> [The task]:
The answer is the data repeated in full, with no pictures included.

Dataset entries
-=-=-

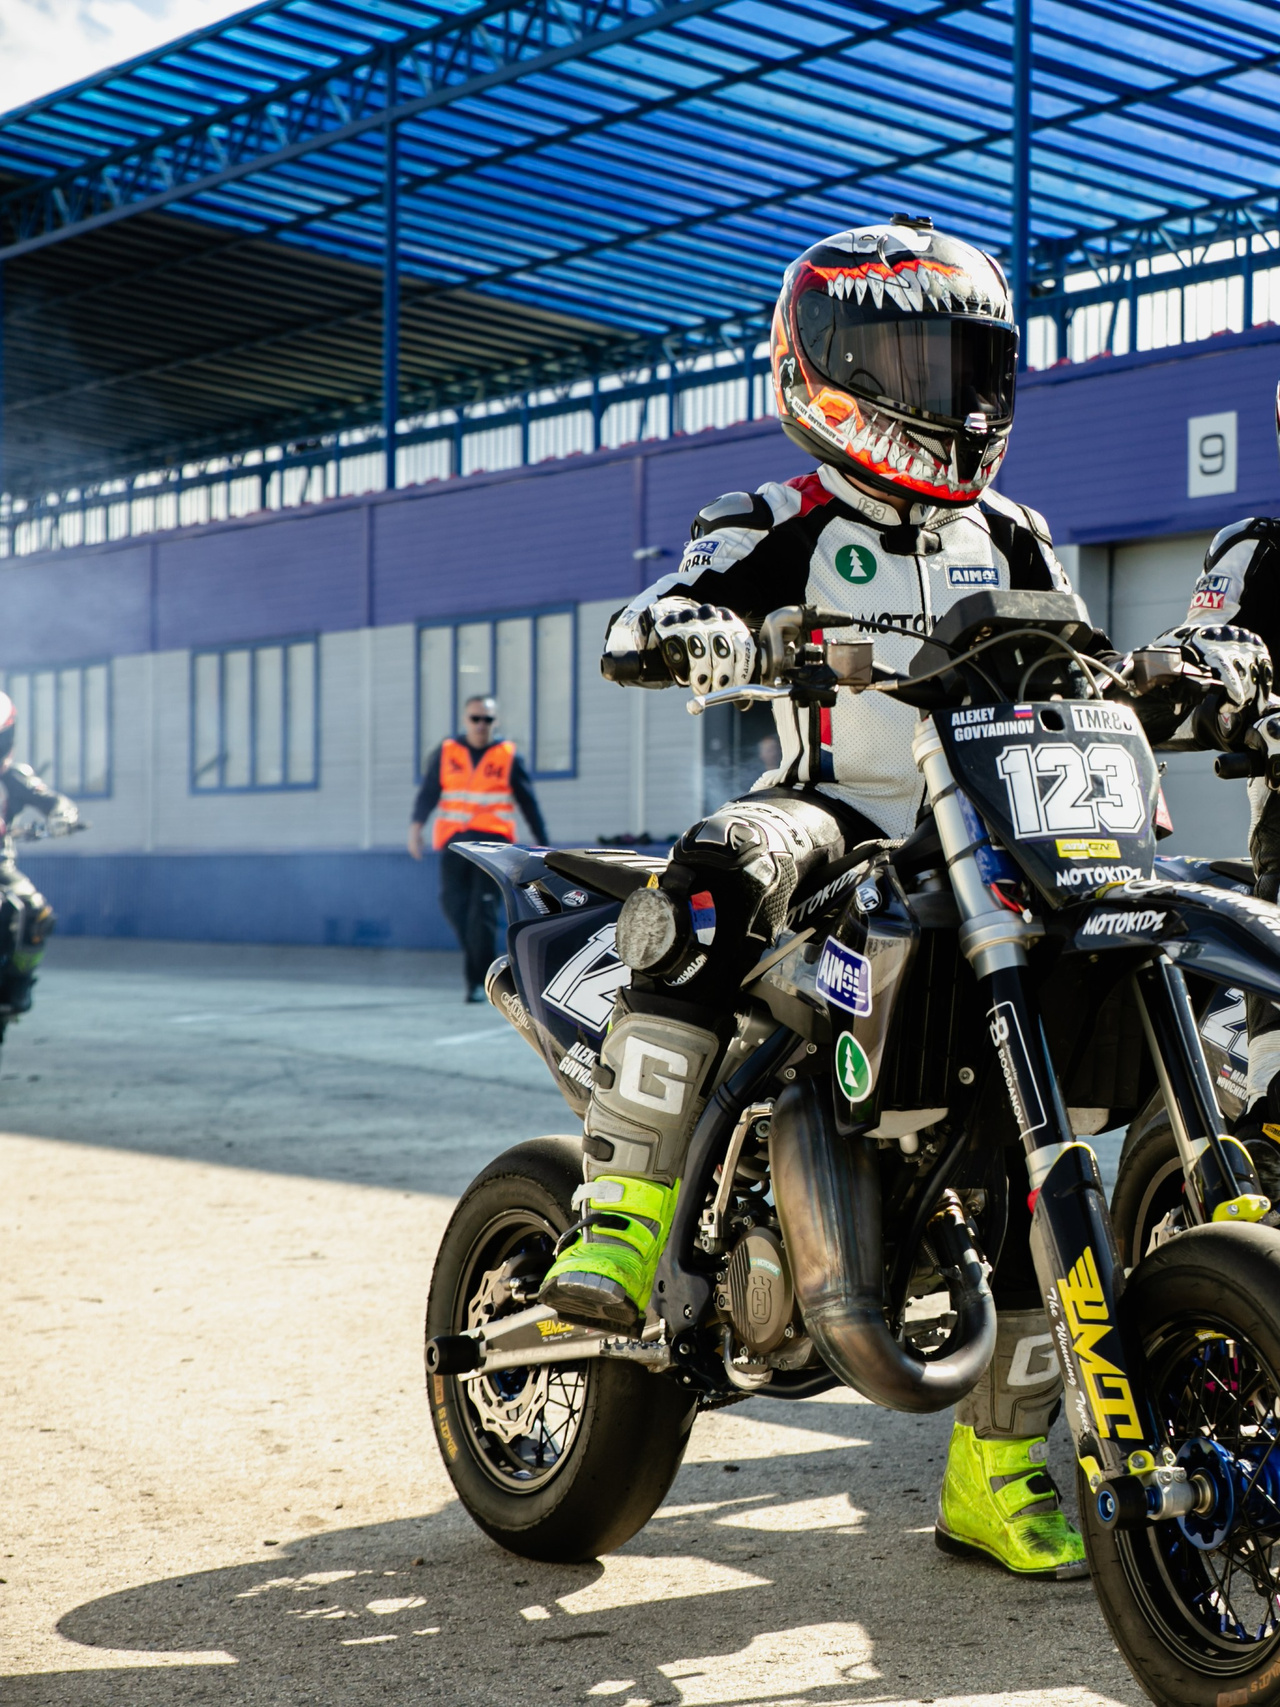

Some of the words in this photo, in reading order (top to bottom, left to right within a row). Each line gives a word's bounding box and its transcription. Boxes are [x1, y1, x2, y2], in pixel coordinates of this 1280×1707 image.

[1199, 433, 1225, 475] 9
[857, 497, 886, 520] 123
[951, 570, 998, 583] AIMOL
[952, 706, 996, 727] ALEXEY
[954, 719, 1035, 743] GOVYADINOV
[995, 742, 1147, 840] 123
[1056, 866, 1145, 888] MOTOKIDZ
[1082, 910, 1167, 936] MOTOKIDZ
[819, 950, 867, 1003] AIMOL
[619, 1035, 688, 1115] G
[998, 1048, 1024, 1124] BOGDANOV
[1047, 1287, 1059, 1318] The
[1055, 1321, 1077, 1387] Winning
[1075, 1390, 1091, 1434] Tyres
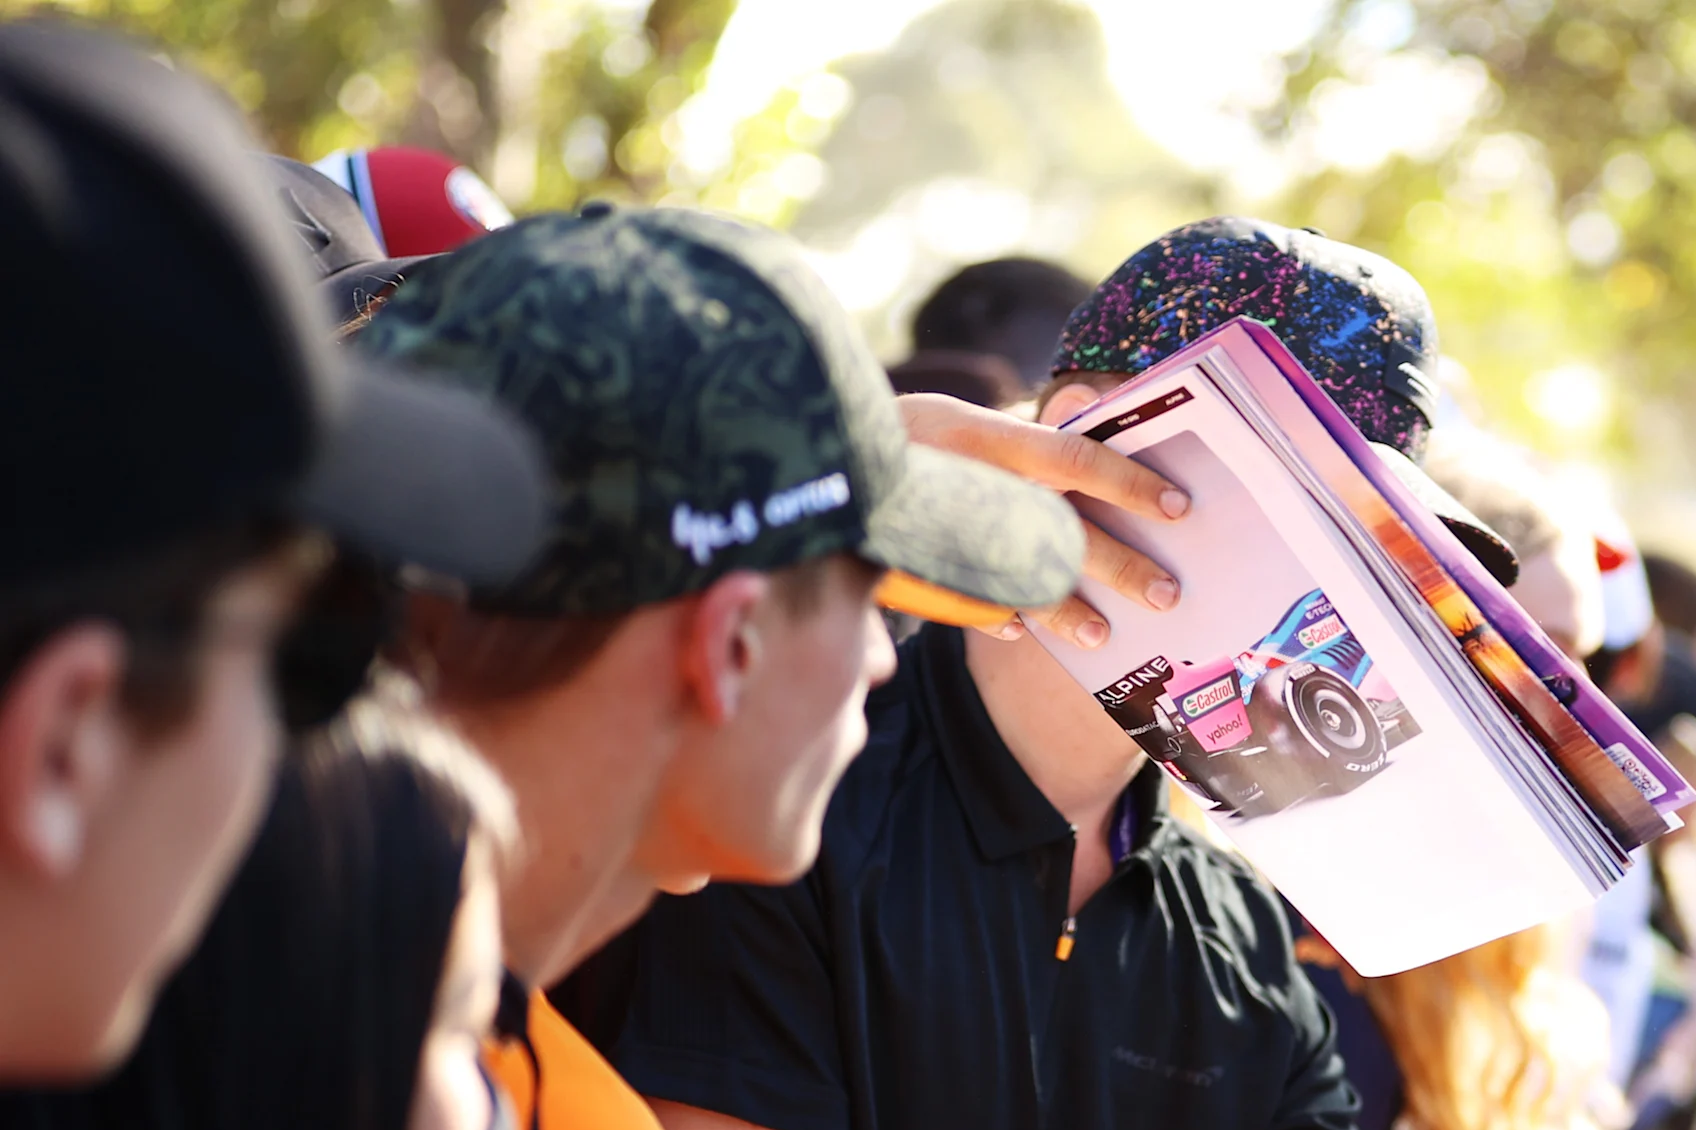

-=-=-

> [Exercise result]:
Some of the words in this photo, in reading order (top to bottom, left to right within a row). Each line gives a word's bounding box and its transcription. Boxes are [x1, y1, x2, y2], in pixel coordinates of this 1280×1707 image.

[1199, 433, 1225, 475] 9
[857, 497, 886, 520] 123
[951, 570, 998, 583] AIMOL
[952, 706, 996, 727] ALEXEY
[954, 719, 1035, 743] GOVYADINOV
[995, 742, 1147, 840] 123
[1056, 866, 1145, 888] MOTOKIDZ
[1082, 910, 1167, 936] MOTOKIDZ
[819, 950, 867, 1003] AIMOL
[619, 1035, 688, 1115] G
[998, 1048, 1024, 1124] BOGDANOV
[1047, 1287, 1059, 1318] The
[1055, 1321, 1077, 1387] Winning
[1075, 1390, 1091, 1434] Tyres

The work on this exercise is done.